Gamma-aminobutyric acid (GABA) is a major inhibitory neurotransmitter in central nervous system and is integral in managing brain excitability.  GABA has an important function in cortical inhibition and in the pathophysiology of mood disorders, as evidenced by the decreased GABA levels in the plasma and cerebrospinal fluid, in acutely depressed patients. 
Glutamate and N-methyl-d-aspartate (NMDA) receptors are implicated in the pathophysiology of depression. , Although most studies in unipolar depression report decreased glutamate levels in the frontal lobe, a majority of studies on bipolar patients suggest higher glutamate / glutamine levels. Thus, the direction of change seems to be opposite in bipolar and unipolar affective disorders: a hyperglutamatergic state in the bipolar disorder and a hypoglutamatergic state in the unipolar disorder.
It is not clear whether these abnormalities in depression are trait markers or state markers. A useful way to delineate trait/state markers is by assessing the brain metabolites before and after treatment. Although there are discrepant results in these longitudinal studies, most of them show that the abnormalities are reversible with treatment and possibly state-dependent.
Effect of electroconvulsive therapy and selective serotonin reuptake inhibitor
Decreased Glu/Gln in ACC and PFC were reported to improve after ECT. , Similarly, there was an increase in occipital GABA  and hippocampal choline after ECT.  In addition, an increase in occipital GABA was noted after treatment with selective serotonin reuptake inhibitor (SSRI). , These suggest that MRS abnormalities are more likely to be 'state markers'.

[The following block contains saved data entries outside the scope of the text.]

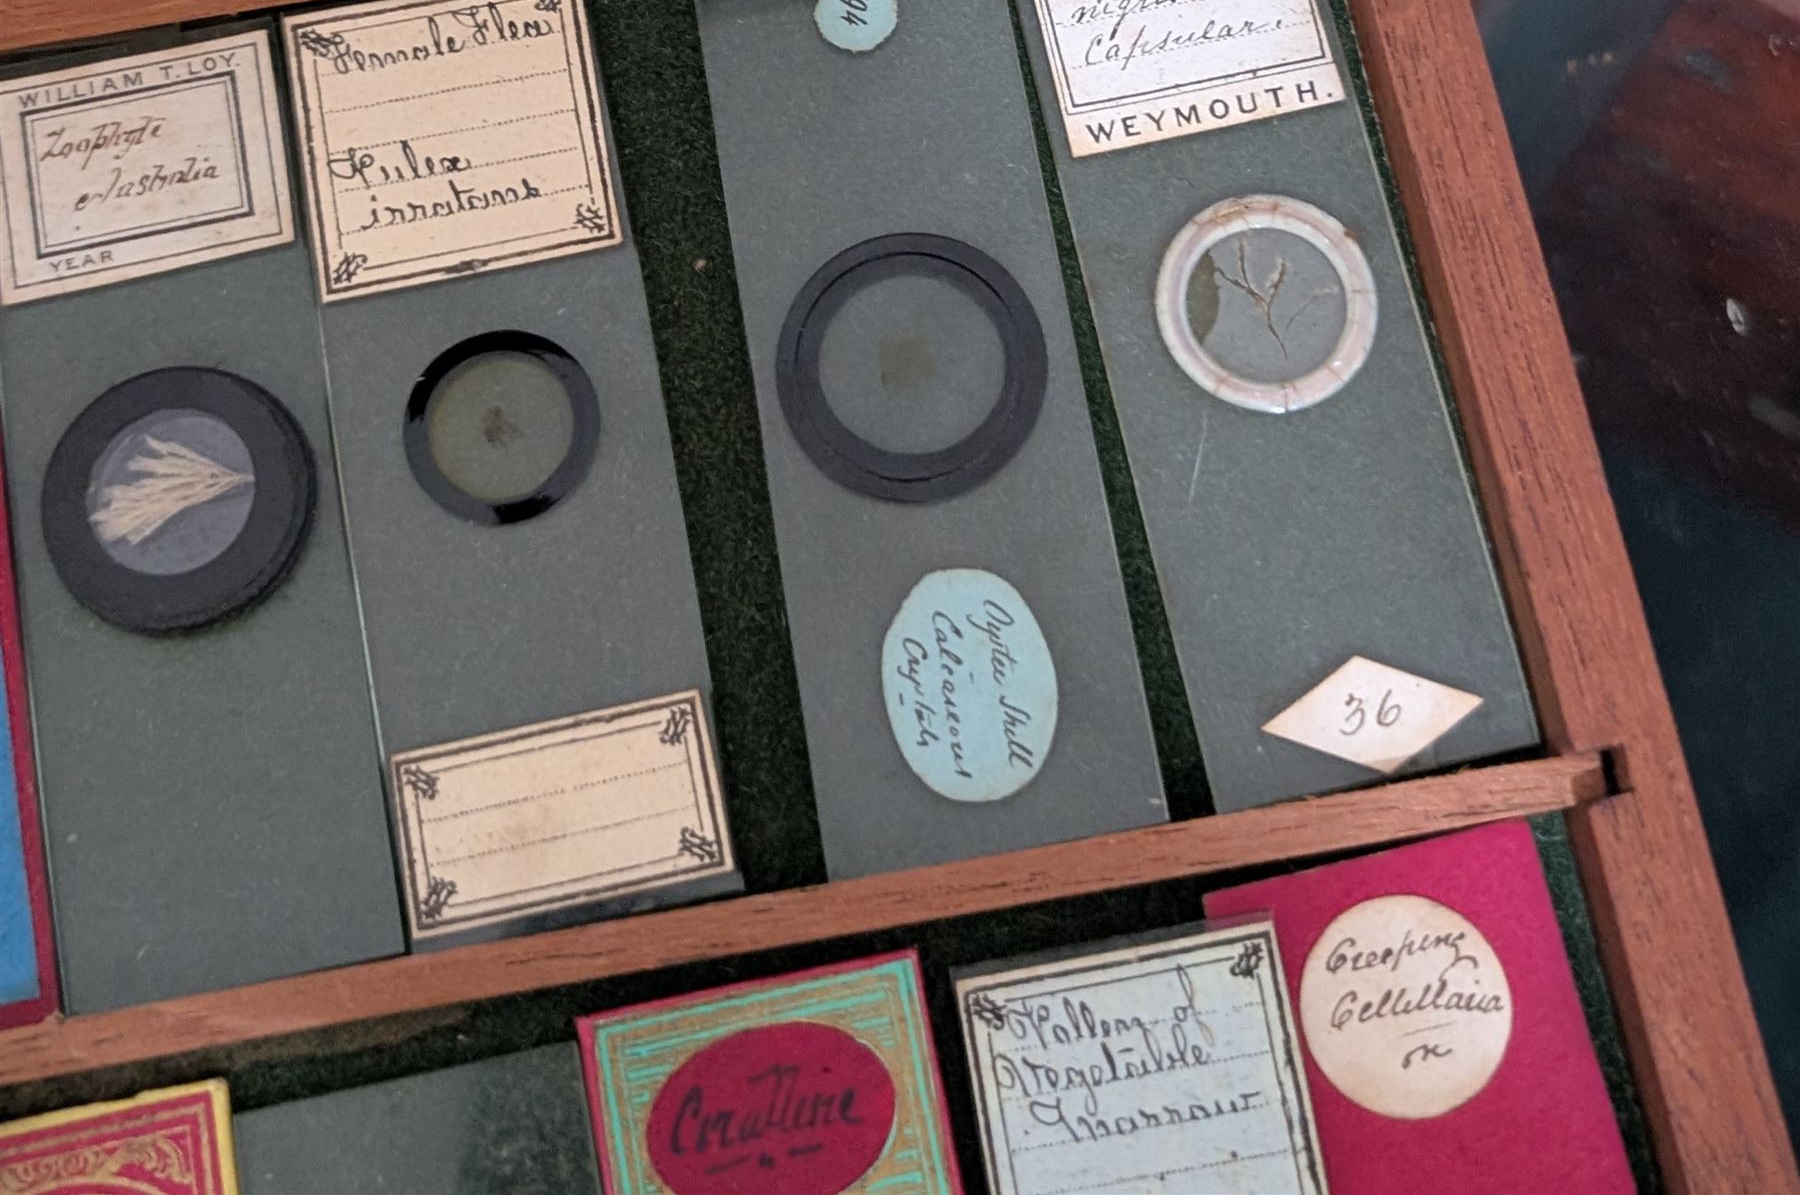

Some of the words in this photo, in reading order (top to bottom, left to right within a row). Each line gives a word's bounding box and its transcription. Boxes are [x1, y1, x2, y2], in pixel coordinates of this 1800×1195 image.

[19, 71, 144, 109] WILLIAM
[1086, 81, 1333, 144] WEYMOUTH.
[50, 250, 114, 273] YEAR
[1339, 689, 1402, 736] 36
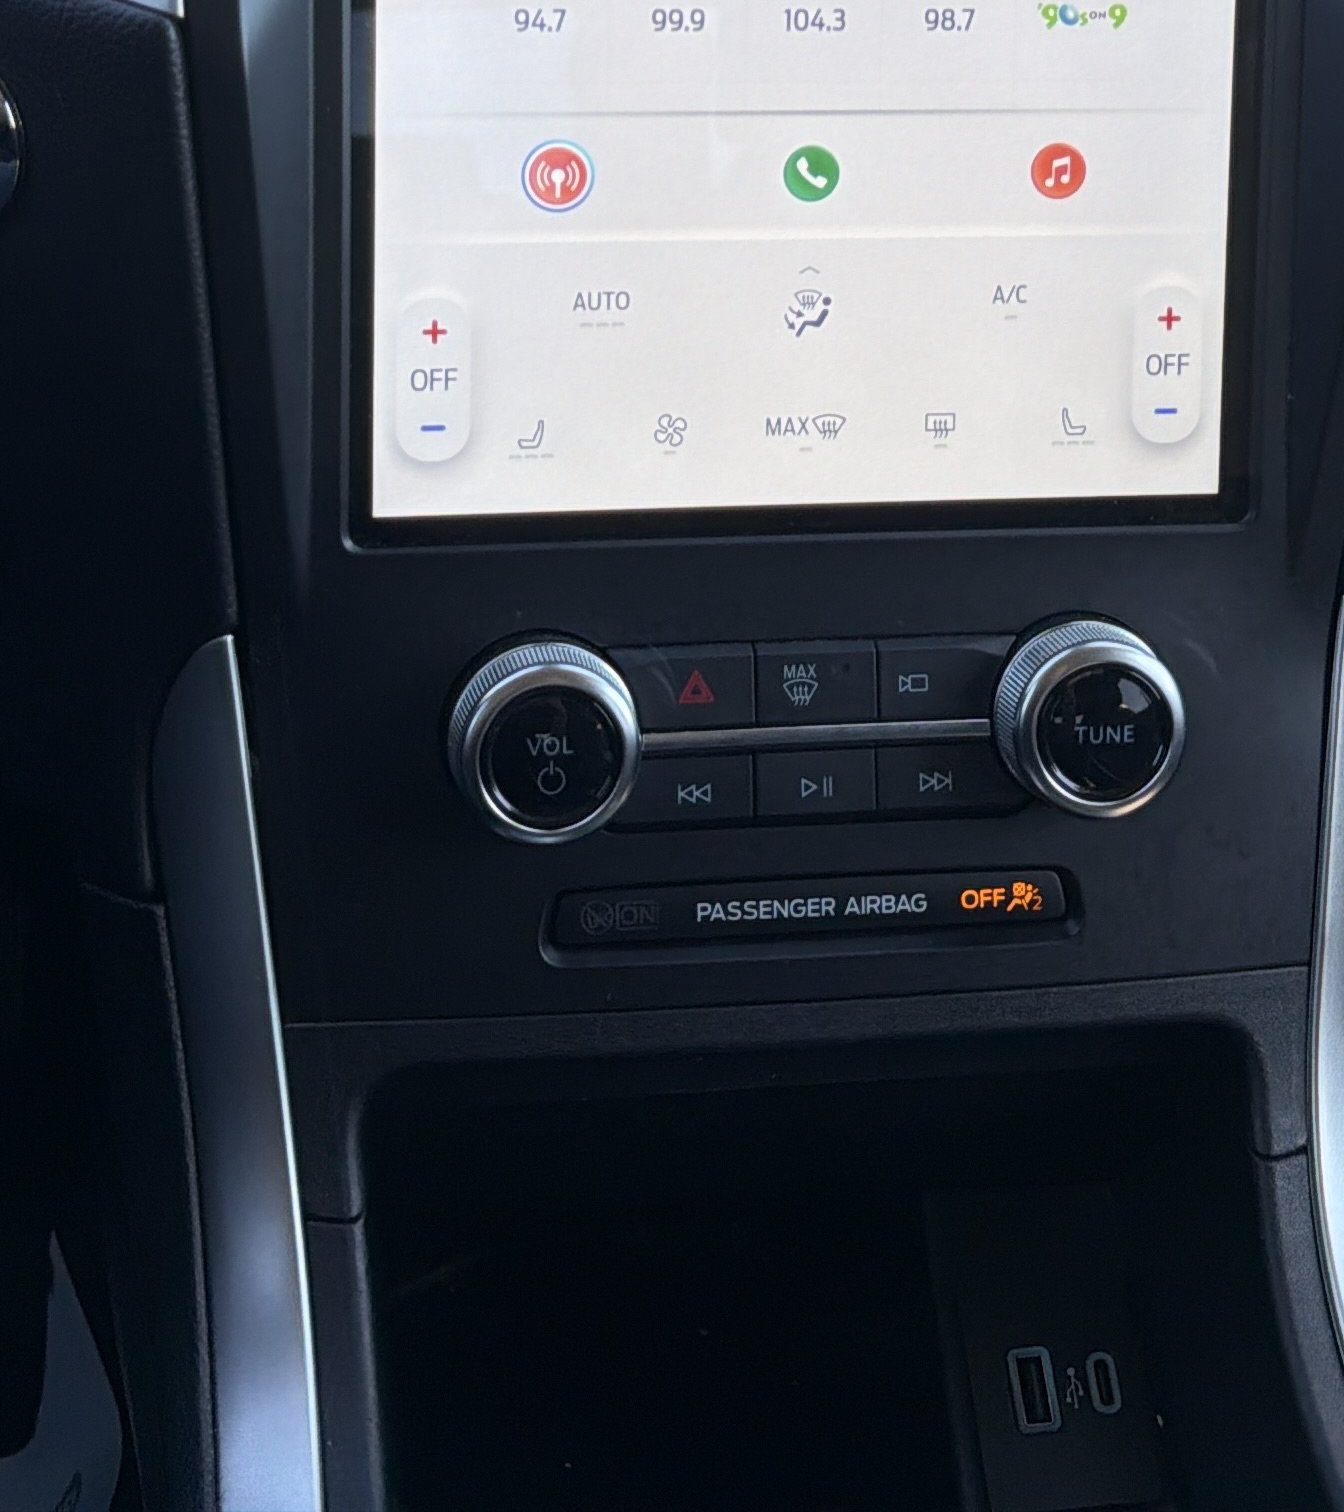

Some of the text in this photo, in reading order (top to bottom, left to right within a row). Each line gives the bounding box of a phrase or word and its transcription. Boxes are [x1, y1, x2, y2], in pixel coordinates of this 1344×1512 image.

[515, 9, 566, 32] 94.7
[652, 9, 705, 31] 99.9
[785, 9, 845, 31] 104.3
[925, 9, 975, 31] 98.7
[1089, 11, 1106, 19] ON
[1108, 3, 1127, 29] 9
[573, 291, 630, 311] AUTO
[993, 285, 1027, 304] A/C
[1146, 354, 1189, 375] OFF
[411, 368, 457, 391] OFF
[766, 417, 809, 436] MAX
[783, 663, 817, 680] MAX
[1074, 724, 1136, 745] TUNE
[526, 735, 575, 757] VOL
[697, 894, 927, 922] PASSENGER AIRBAG
[960, 888, 1006, 909] OFF

However, this view is not universally accepted, as discrepant results are present in other studies. In one study, depressed patients had decreased occipital GABA levels even in the recovered phase, raising the possibility of trait vulnerability to mood disorder.  In addition, an increase in occipital GABA is noted in healthy volunteers after SSRI (Citalopram) treatment.  Thus, with the current reports, it is difficult to conclude whether the improvement noted after treatment is a reflection of change in the pathophysiology or a confounding effect of the medication.
Effect of Yoga
Streeter and colleagues  assessed the effect of yoga on the brain GABA levels. They assessed GABA/creatine ratio in yoga practitioners and non-practitioners before and after a 60-minute session of yoga. A reading task for 60 minutes was given to non-practitioners. There was a 27% increase in the brain global GABA levels in yoga practitioners. The authors concluded that the practice of yoga should be explored for disordres with low GABA levels, such as depression.

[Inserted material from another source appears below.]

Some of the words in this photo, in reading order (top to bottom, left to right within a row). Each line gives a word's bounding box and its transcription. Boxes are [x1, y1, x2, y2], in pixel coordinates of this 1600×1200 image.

Renshaw and colleagues measured brain purine levels by proton spectroscopy and found approximately 30% decrease in female depressed patients who subsequently responded to fluoxetine, than in those who did not respond.  These preliminary findings suggest that MRS could possibly predict response to treatment.
Magnetic resonance spectroscopy is also useful in determining the pharmacokinetics of therapeutic compounds in brain. This is an important use to explore the dose-dependent therapeutic effect as well as the side effects following abrupt discontinuation. In a study comparing fluoxetine and paroxetine discontinuation, there was a significant decrease in the brain fluorine signal following paroxetine discontinuation, but not fluoxetine, reflecting the difference in their half-lives.  There was also a correlation between the clinical effects and the brain drug levels, suggesting a dose-dependent response.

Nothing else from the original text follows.